- _WHAT TO PRODUCE_
Copy every entry exactly as it stands, though any image it holds should stay out of the copy.

- _TASK INPUT_
....

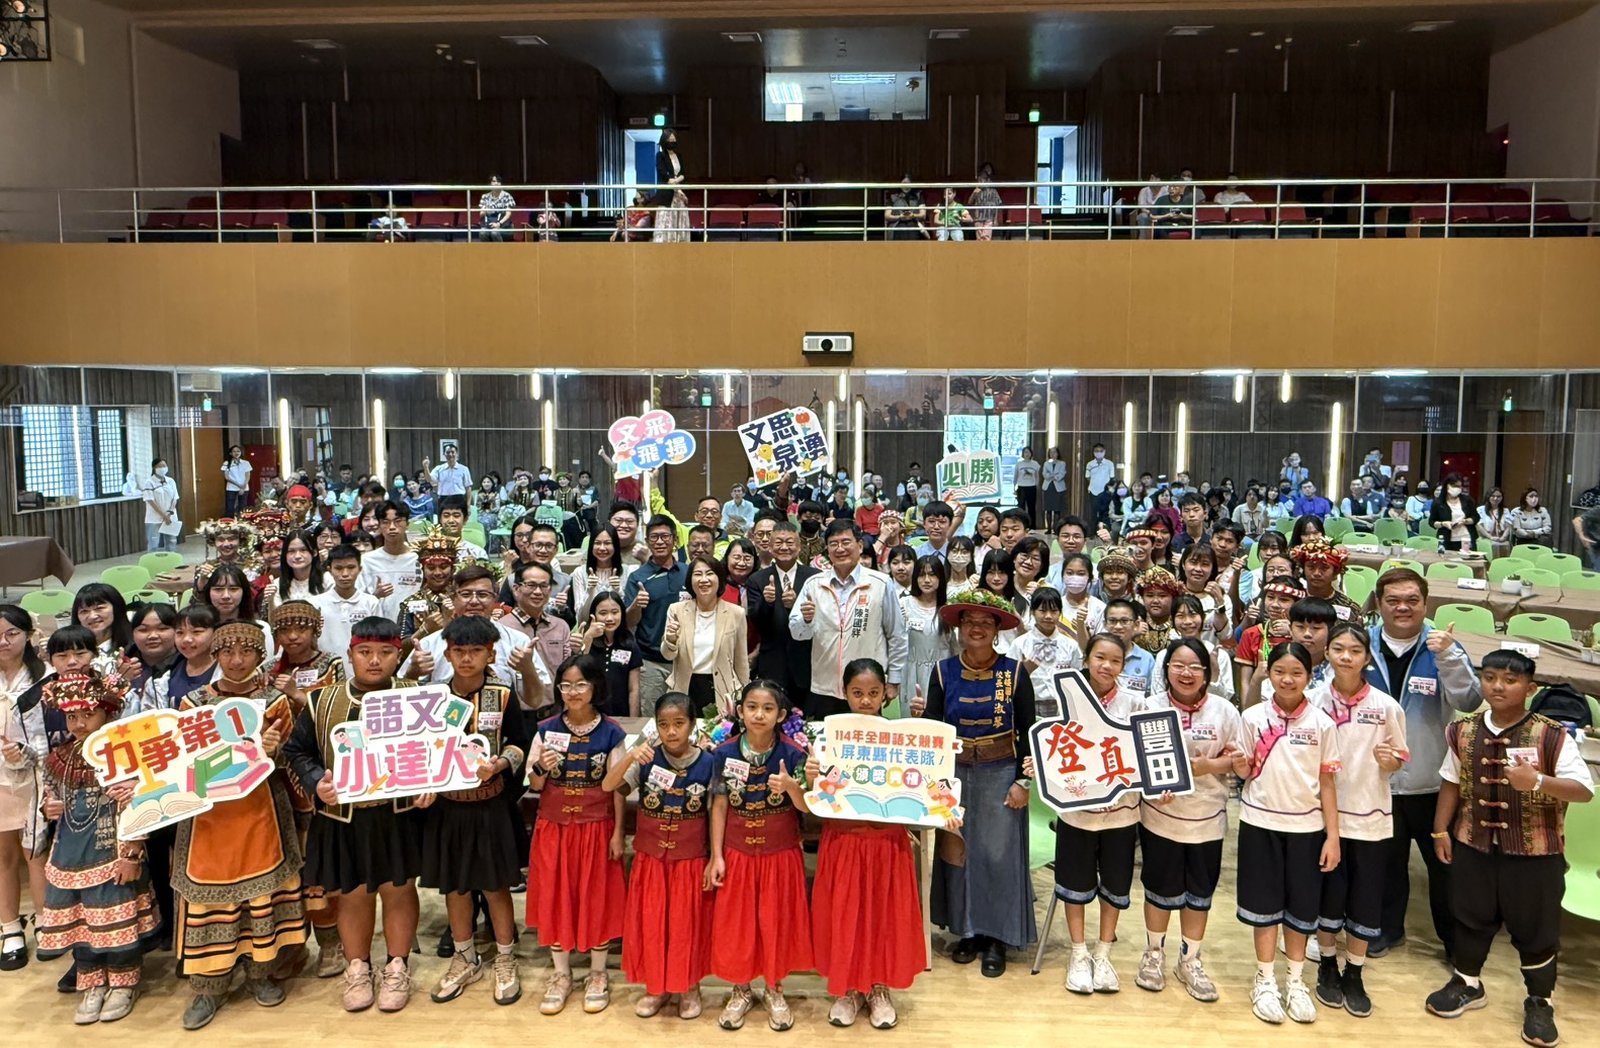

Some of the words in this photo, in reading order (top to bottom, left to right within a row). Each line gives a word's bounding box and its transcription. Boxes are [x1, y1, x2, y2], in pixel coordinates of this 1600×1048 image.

[617, 415, 667, 442] 文采
[741, 411, 798, 452] 文思
[637, 436, 687, 464] 飛揚
[773, 432, 827, 473] 泉湧
[943, 458, 994, 486] 必勝
[365, 691, 447, 735] 語文
[448, 708, 459, 721] A
[96, 707, 246, 782] 力爭第1
[835, 729, 945, 750] 114年全國語文競賽
[840, 743, 936, 766] 屏東縣代表隊
[1045, 720, 1136, 787] 登真
[335, 735, 478, 793] 小達人
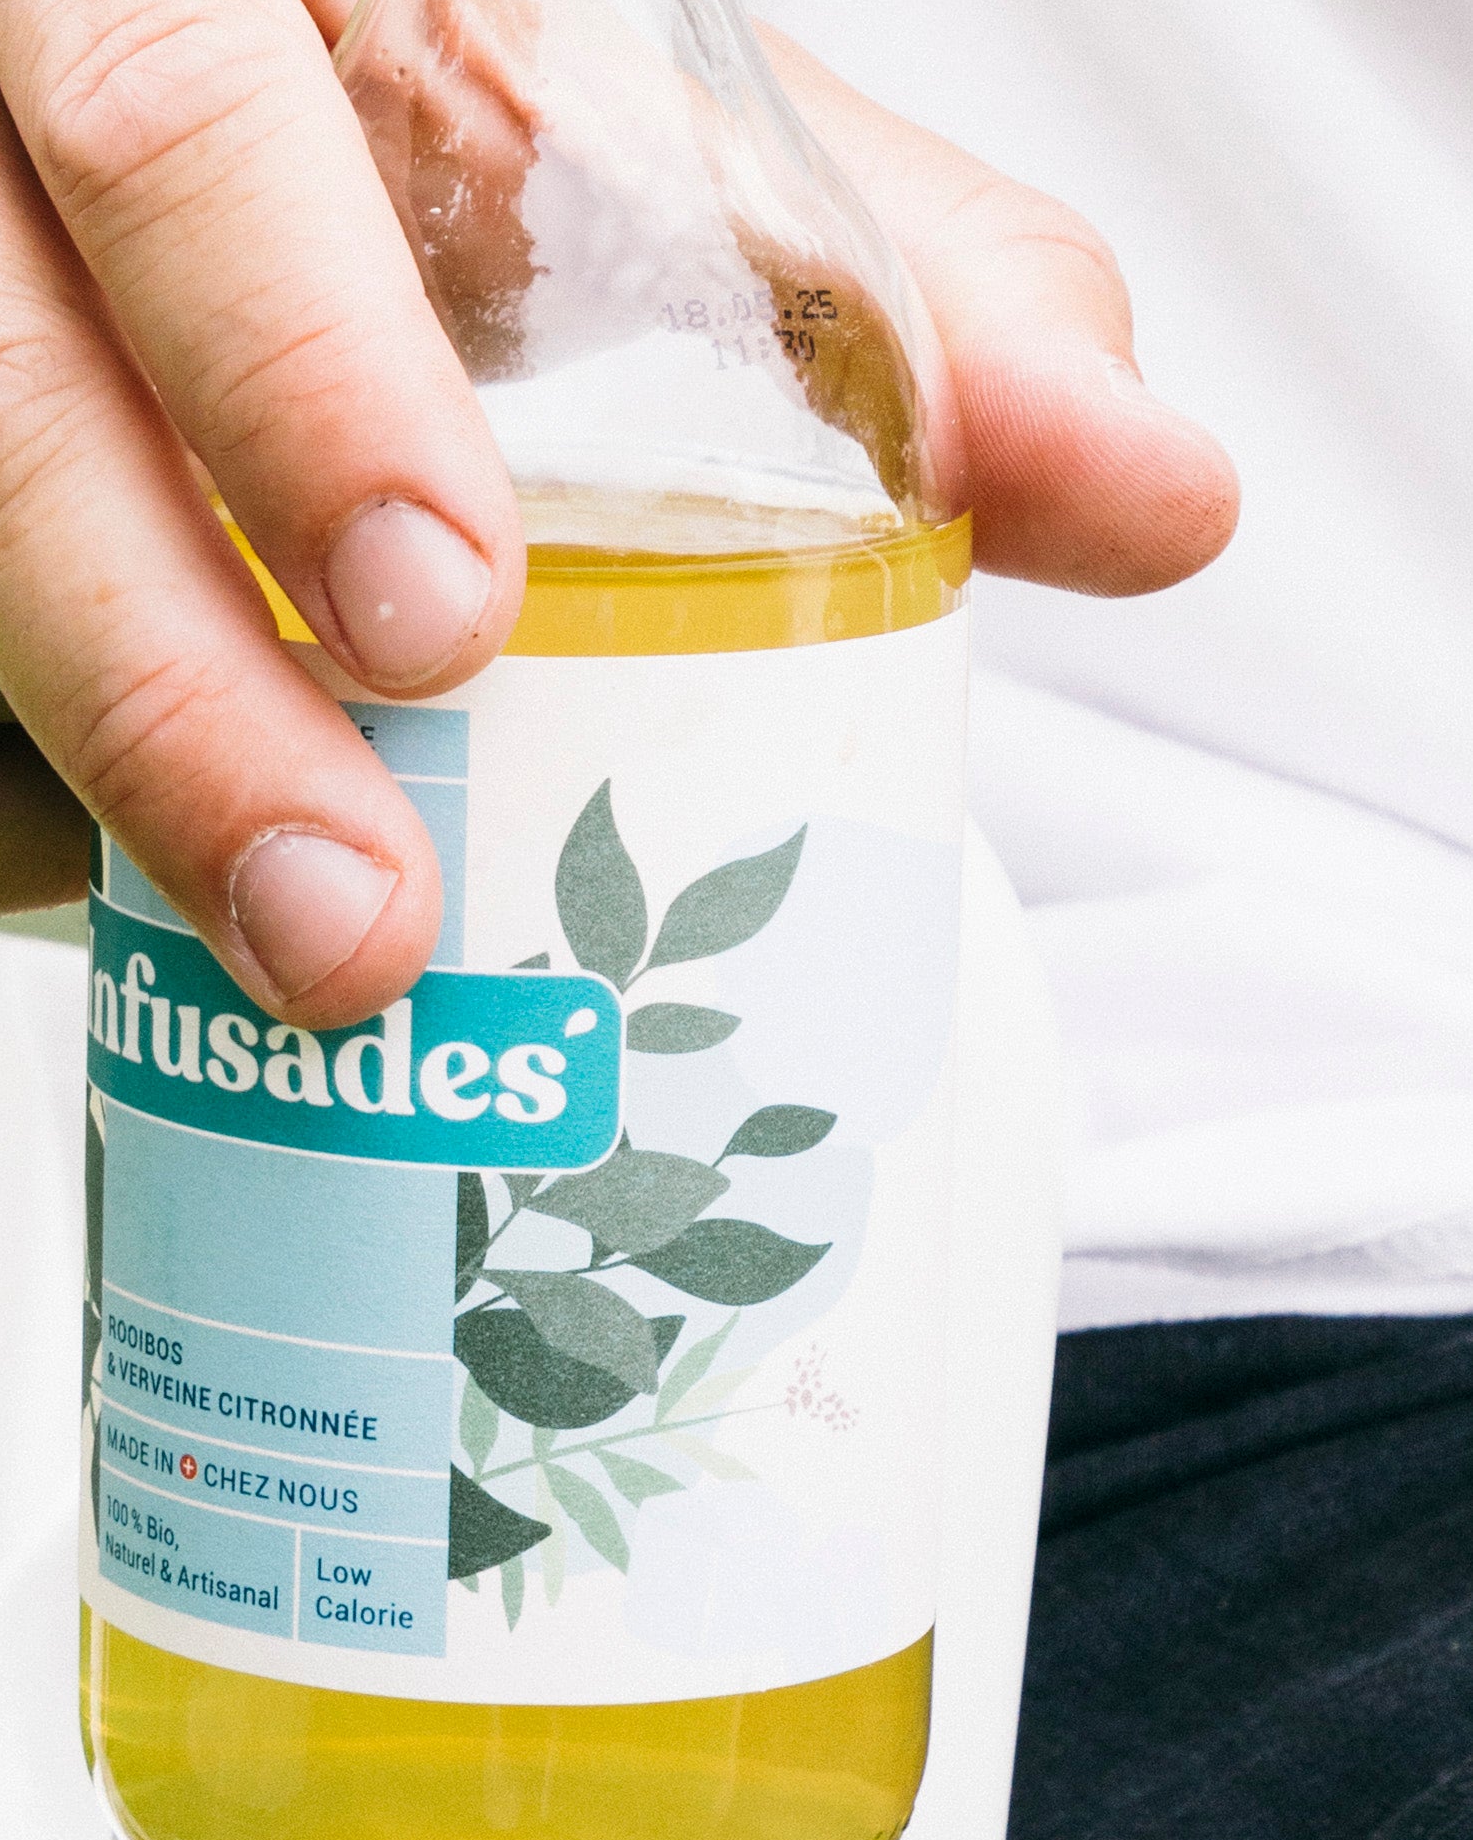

....

- _YOUR SOLUTION_
Some of the words in this photo, in reading order (top to bottom, left to right within a row). Each line gives a word's bounding box and its transcription. Boxes are [x1, y1, x2, y2], in pixel coordinates of this 1600×1048 image.

[617, 415, 667, 442] 文采
[741, 411, 798, 452] 文思
[637, 436, 687, 464] 飛揚
[773, 432, 827, 473] 泉湧
[943, 458, 994, 486] 必勝
[365, 691, 447, 735] 語文
[448, 708, 459, 721] A
[96, 707, 246, 782] 力爭第1
[835, 729, 945, 750] 114年全國語文競賽
[840, 743, 936, 766] 屏東縣代表隊
[1045, 720, 1136, 787] 登真
[335, 735, 478, 793] 小達人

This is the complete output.